I knew from the beginning that Heavy, Heavy would close the program. It’s an album that came into my life on my 28th birthday, after nasal surgery, when my wife and I ended up at a Young Fathers show having never heard a single track. That night changed how I listen to music. It rearranged the internal circuitry of my ear. I’ve described that record as alchemic because I truly believe it altered something in me.
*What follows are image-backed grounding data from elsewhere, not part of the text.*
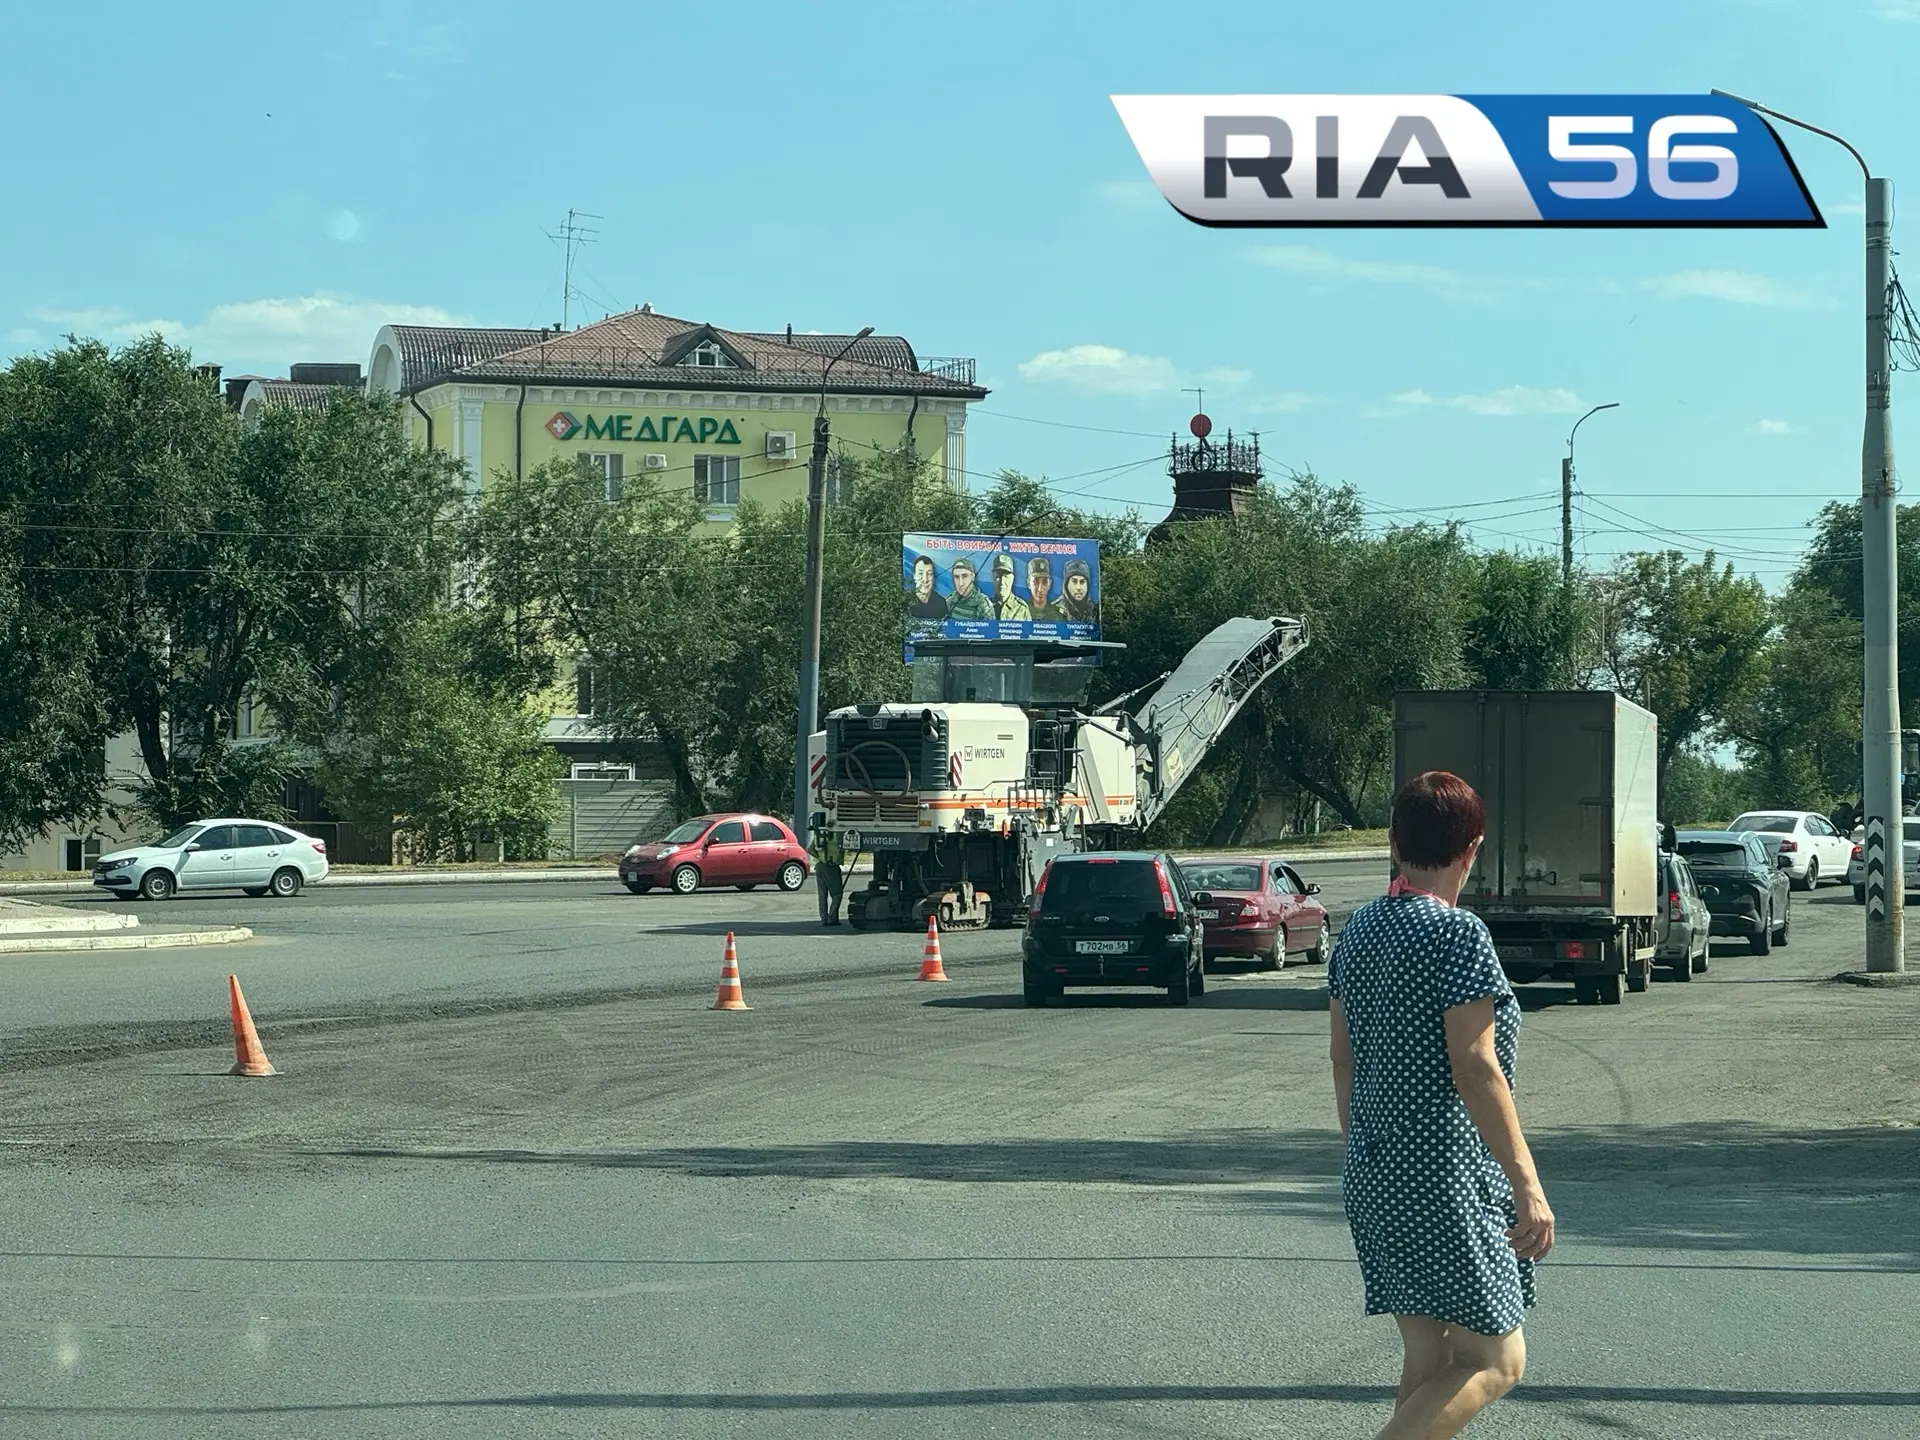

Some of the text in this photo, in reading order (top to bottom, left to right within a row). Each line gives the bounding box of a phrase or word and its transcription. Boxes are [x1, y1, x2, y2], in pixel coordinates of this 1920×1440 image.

[584, 413, 742, 445] МЕДГАРД
[925, 538, 954, 549] БЫТЬ
[956, 540, 1002, 552] ВОИНОМ
[1008, 542, 1039, 553] ЖИТЬ
[1040, 543, 1077, 555] ВЕЧНО!
[974, 747, 1006, 759] WIRTGEN
[862, 837, 900, 846] WIRTGEN
[1116, 941, 1127, 949] 56
Even on cheap headphones or in the car, the record felt enormous. But hearing it on the Mono Space system was something else entirely. When it played, I was part of the audience, floating in it. I could feel the sound in my ribs, my teeth, my skin. Every once in a while, I’d open my eyes and see everyone else suspended in the same spell. Literally leaning forward, swaying, eyes closed, fully enveloped. It felt like we had all dropped into the same emotional pocket, like the narrative I’d tried so hard to build all day had clicked into something tangible.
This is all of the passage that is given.